Il vero punto è il lavoro. E dunque, nell’agenda del governo, che pure ha messo in cantiere contemporaneamente tante riforme, il cosiddetto jobs act è il cuore. Delle tante, forse troppe, in agenda, l’emergenza lavoro (per dirla in italiano) è la questione fondamentale. Perché investe le persone, le famiglie, le prospettive concrete della gente in carne ed ossa.
Siamo ai minimi storici dal secondo dopoguerra, ci ricordano impietose le statistiche. Allora bisogna agire e forse siamo già in ritardo. Siamo in ritardo anche perché il tema divide, o, forse, più esattamente, fa emergere divisioni in larga misura nuove, che tagliano partiti e schieramenti. Ma offre anche la possibilità di costruire nuove forme di consenso, ampio e trasversale.

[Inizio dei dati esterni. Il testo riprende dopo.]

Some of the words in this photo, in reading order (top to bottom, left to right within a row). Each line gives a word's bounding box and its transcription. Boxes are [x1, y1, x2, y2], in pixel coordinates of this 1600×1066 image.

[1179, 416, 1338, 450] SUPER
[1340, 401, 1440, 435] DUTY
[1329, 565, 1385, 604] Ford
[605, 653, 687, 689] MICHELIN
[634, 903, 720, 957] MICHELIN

Naturalmente buttarla in politica può essere una tentazione. Ovvero giocare, anche su questo tema, la partita degli schieramenti, o delle vecchie ideologie del secolo scorso, tanto più che comincia a serpeggiare l’idea che l’attuale governo possa non essere l’”ultima spiaggia” per un sistema politico, come quello italiano, sottosopra. In realtà per l’emergenza disoccupazione siamo davvero all’ultimo appello. E per affrontarla, in questa crisi lunga e cattiva che ha rapidamente falsificato anche tante ricette neo-liberiste, serve essere lungimiranti.

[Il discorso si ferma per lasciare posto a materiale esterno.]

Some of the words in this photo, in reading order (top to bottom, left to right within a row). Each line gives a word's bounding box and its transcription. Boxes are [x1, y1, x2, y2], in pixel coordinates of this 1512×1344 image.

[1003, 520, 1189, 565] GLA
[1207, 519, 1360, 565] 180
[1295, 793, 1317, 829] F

Così nessuno si può permettere di fare valere riflessi antichi di schieramento o rendite di posizione. Anche perché la battaglia sull’articolo 18, che oggi è al centro della scena mediatica, sembra fatta apposta per creare alibi. Alibi a chi ripete vecchi slogan, alibi a chi si ostina a considerare il lavoro una semplice merce.
Superare privilegi e rigidità può ampliare e migliorare le tutele, rendendo così il sistema più efficiente e inclusivo. Oltre che restituire speranza a quei giovani che oggi sanno di non potere aspirare al benessere di padri e nonni, generando così una depressione sociale dai costi gravissimi.

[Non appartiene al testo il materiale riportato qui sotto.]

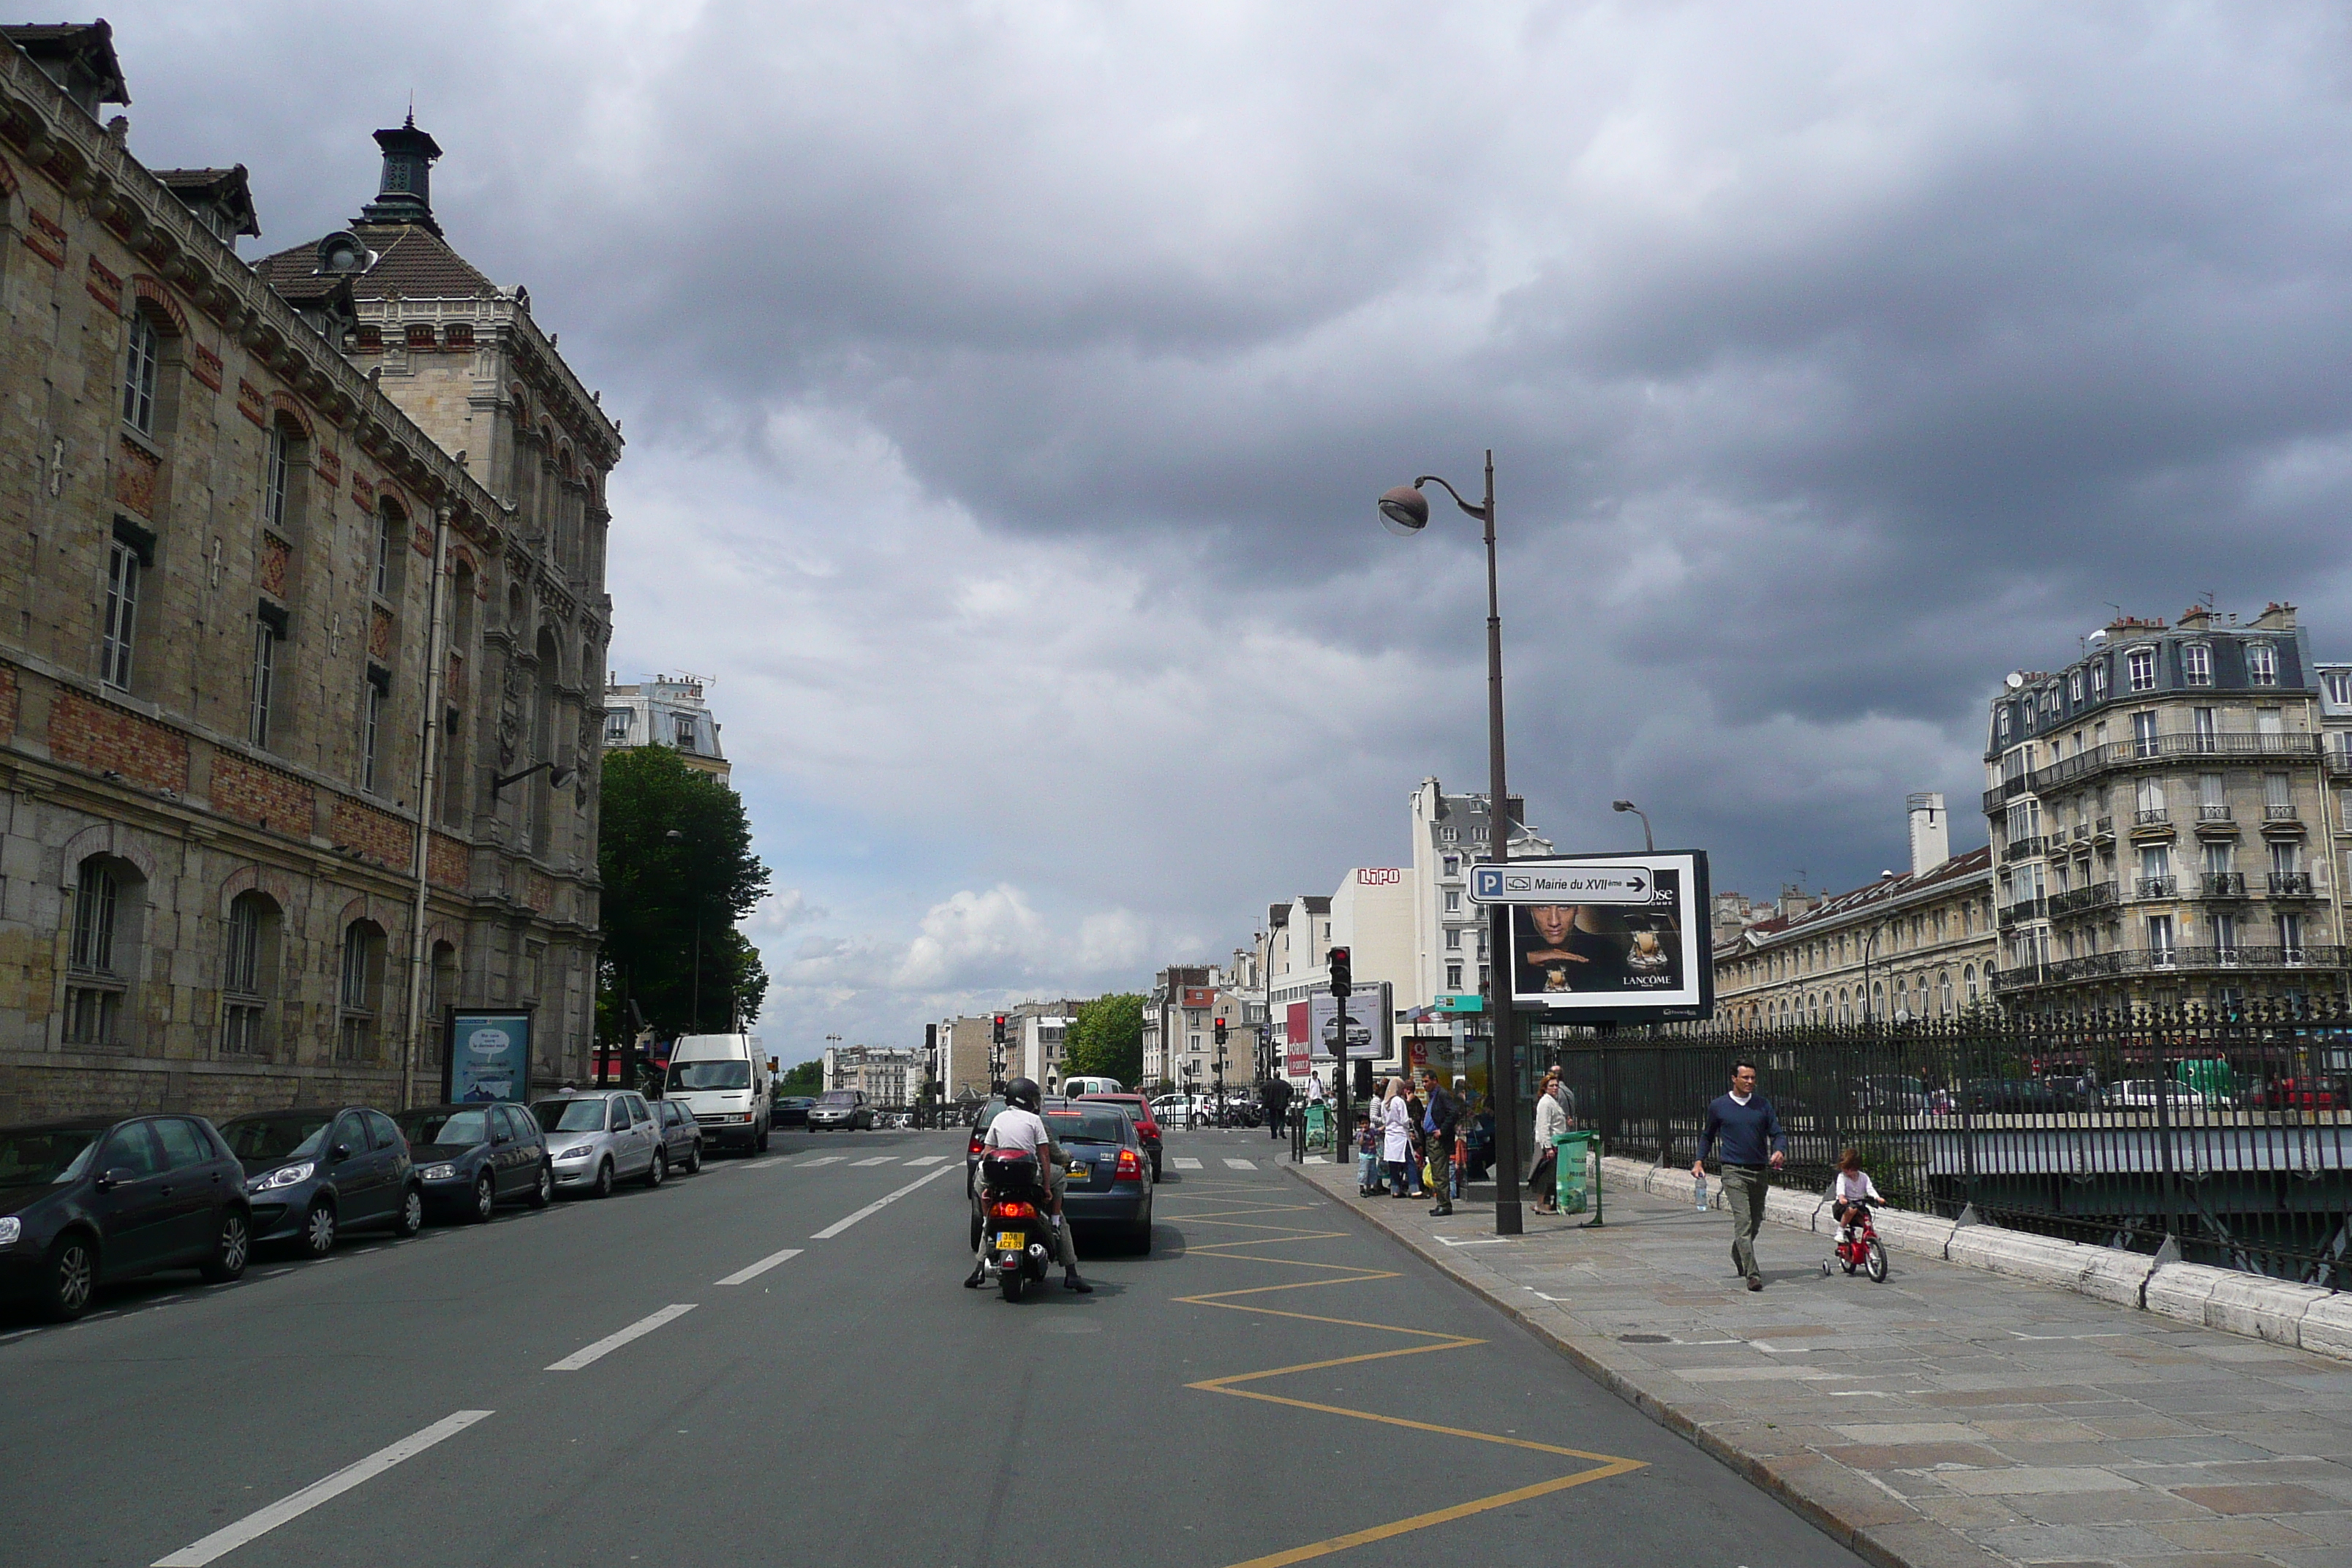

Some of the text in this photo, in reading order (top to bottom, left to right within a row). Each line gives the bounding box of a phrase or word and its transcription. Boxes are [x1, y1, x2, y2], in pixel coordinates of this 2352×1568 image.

In fondo questa è la vera sfida per una Repubblica “fondata sul lavoro” e per il “diritto al lavoro” che addirittura è affermato nientemeno che nella costituzione conciliare “Gaudium et spes”. Diritto al lavoro non significa assistenzialismo insostenibile, salario per tutti “gratis”, ma tutela e promozione della dignità dei cittadini lavoratori, prima di tutto proprio attraverso la libertà e la capacità d’impresa, favorita da una politica responsabile e da un’amministrazione efficiente. Promuovendo le condizioni per cui il lavoro si possa creare e nello stesso tempo valorizzando tutte le realtà di integrazione sociale, dall’impresa alle organizzazioni sindacali e rappresentative. C’è qui il nesso che collega il lavoro con una nozione di bene comune non astratta, ma concretamente legata alle persone in carne ed ossa e alle formazioni sociali. E così capace di produrre benessere e ricchezza. Insomma, l’economia sociale di mercato, ovvero il modello europeo, da riprendere, ripulire e rilanciare. Una prospettiva su cui ritrovarci oltre gli schieramenti e procedere spediti.